Next, the discussion turns to Peter Thiel and his Palantir firm, the alpha predator of the high-tech surveillance jungle. As we have seen and as we will review, there is reason to suspect that “Mr. AOC”–“Subhas Chandra” Chakrabarti–is a Thiel protege.
Palantir is one of the firms pivotally involved with facilitating ICE’s activities: ” . . . . The database created by Palantir uses information pulled from the DHS, FBI and other sources to build profiles of people who have crossed the border, including ‘schooling, family relationships, employment information, phone records, immigration history, foreign exchange program status, personal connections, biometric traits, criminal records, and home and work addresses,’ the Intercept reported last year. . . . . Policing software provided by Palantir and Forensic Logic’s COPLINK program enables Information sharing between ICE and state and local law enforcement. . . . Palantir software has been implemented by DHS fusion centers across California, as well as by police departments in Los Angeles, Long Beach, and Burbank; and sheriff’s departments in Sacramento, Ventura, and Los Angeles counties. The company has received more than $50 million from these agencies since 2009, mostly financed by DHS grants, the report shows. . . .”
We then review substantive evidence of Thiel/Palantir/Chakrabarti networking:
1.–Chakrabarti worked for Bridgewater Associates: ” . . . . After graduating from Harvard, Mr. Chakrabarti worked for a year as a technology associate at the hedge fund Bridgewater Associates, and then moved to Silicon Valley to help found the technology company Stripe. . . .”
2.–Bridgewater Associates was a major source of the venture capital to launch Palantir.
3.–Former FBI director James Comey was the chief counsel for Bridgewater Associates. As FBI director, Comey was instrumental in handling the election to Trump.
4.–It appears that Chakrabarti’s stint as head of product development at Stripe may well have been as a Thiel protege.
Reviewing information from past broadcasts, there are indications that the scapegoating of illegal immigrants by Team Trump is part of a “psy-op,” with AOC helping to generate “black propaganda” by branding the Democratic Party as “Illegal Immigrants R Us.”
In FTR #718, we warned [back in 2010] that Facebook was not the cuddly little entity it was perceived to be but a potential engine of fascism enabling. Momentum for the remarkably timed immigrant caravan that became a focal point for Trump/GOP/Fox News propaganda during the 2018 midterm elections was generated by a fake Facebook account, which mimicked a Honduran politician/human rights activist, Bartolo Fuentes. Significant aspects of the event:
1.–” . . . . Facebook has admitted the account was an imposter account impersonating a prominent Honduran politician. But it is refusing to release information about the account, who may have set it up or what country it originated from. . . .”

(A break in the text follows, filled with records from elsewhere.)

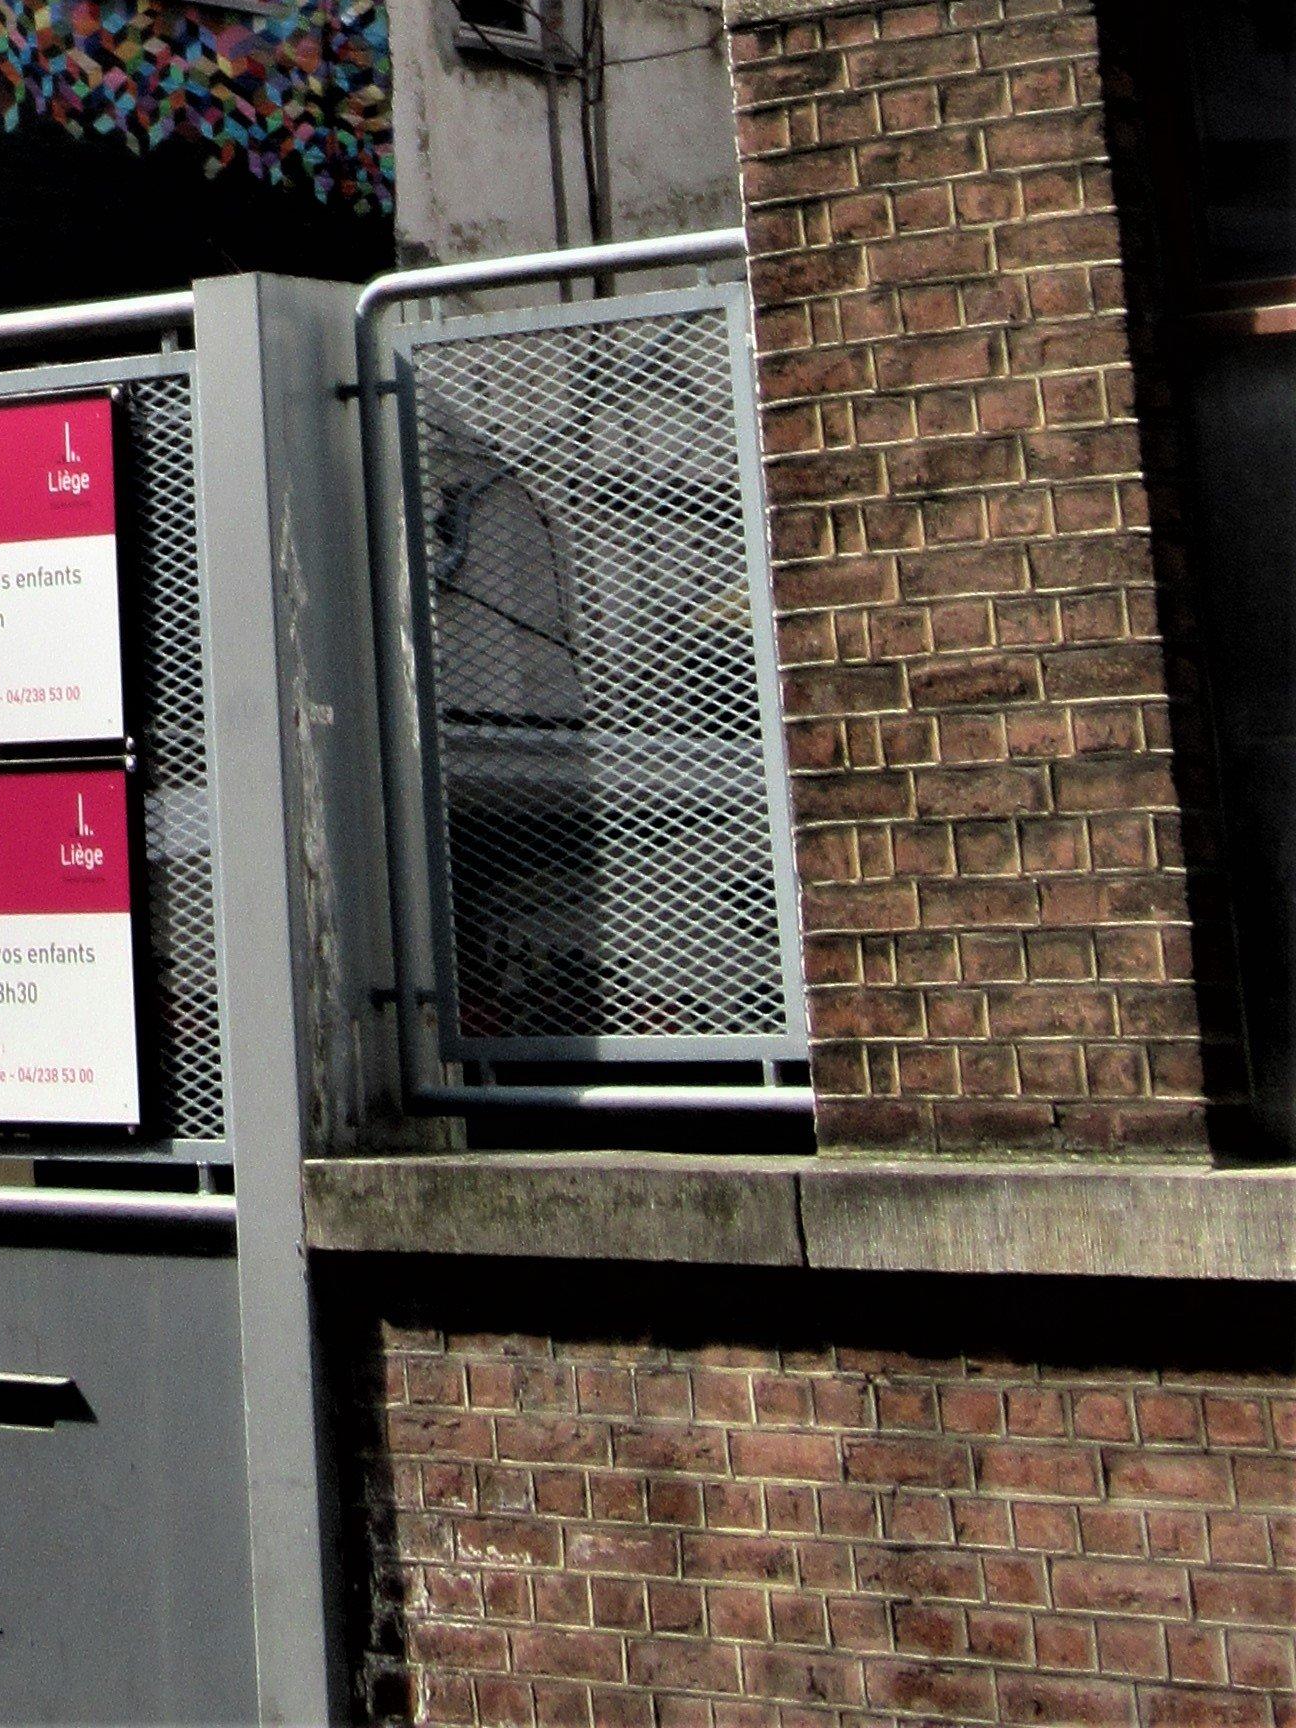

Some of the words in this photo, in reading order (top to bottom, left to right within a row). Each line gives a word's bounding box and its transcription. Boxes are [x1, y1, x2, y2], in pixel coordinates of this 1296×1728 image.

[48, 471, 90, 495] Liège
[16, 566, 82, 588] enfants
[66, 685, 81, 701] 00
[61, 843, 104, 870] Liège
[27, 942, 95, 963] enfants
[61, 1068, 76, 1082] 53
[79, 1068, 94, 1082] 00

2.–” . . . . In response to a query from BuzzFeed News, a Facebook spokesperson said the phony account ‘was removed for violating [the company’s] misrepresentation policy,’ but declined to share any further information, such as what country it originated from, what email address was used to open it, or any other details that might reveal who was behind it. Facebook added that, barring a subpoena or request from law enforcement, it does not share such information out of respect for the privacy of its users. Fuentes said he believes it’s important to find out who was behind the rogue account — but hasn’t gotten any answers from Facebook. ‘Who knows how many messages could have been sent and who received them?’ . . . .”
4.–” . . . . Fuentes has been unable to get any information from Facebook about the account, but one small detail stood out. Whoever created it listed the Honduran capital of Tegucigalpa as Fuentes’s hometown, rather than the San Pedro Sula suburb of El Progreso. That might seem like a minor error, but it’s the sort of mistake a foreigner — not a Honduran — would make about the well-known former lawmaker, whose left-wing party stands in opposition to the current president’s administration. . . . ”
5.–” . . . . It operated entirely in Spanish and precisely targeted influencers within the migrant rights community. And rather than criticize or undermine the caravan — as other online campaigns would later attempt to do — it was used to legitimize the event, making a loosely structured grassroots event appear to be a well-organized effort by an established migrant group with a proven track record of successfully bringing Central American people to the US border. . . .”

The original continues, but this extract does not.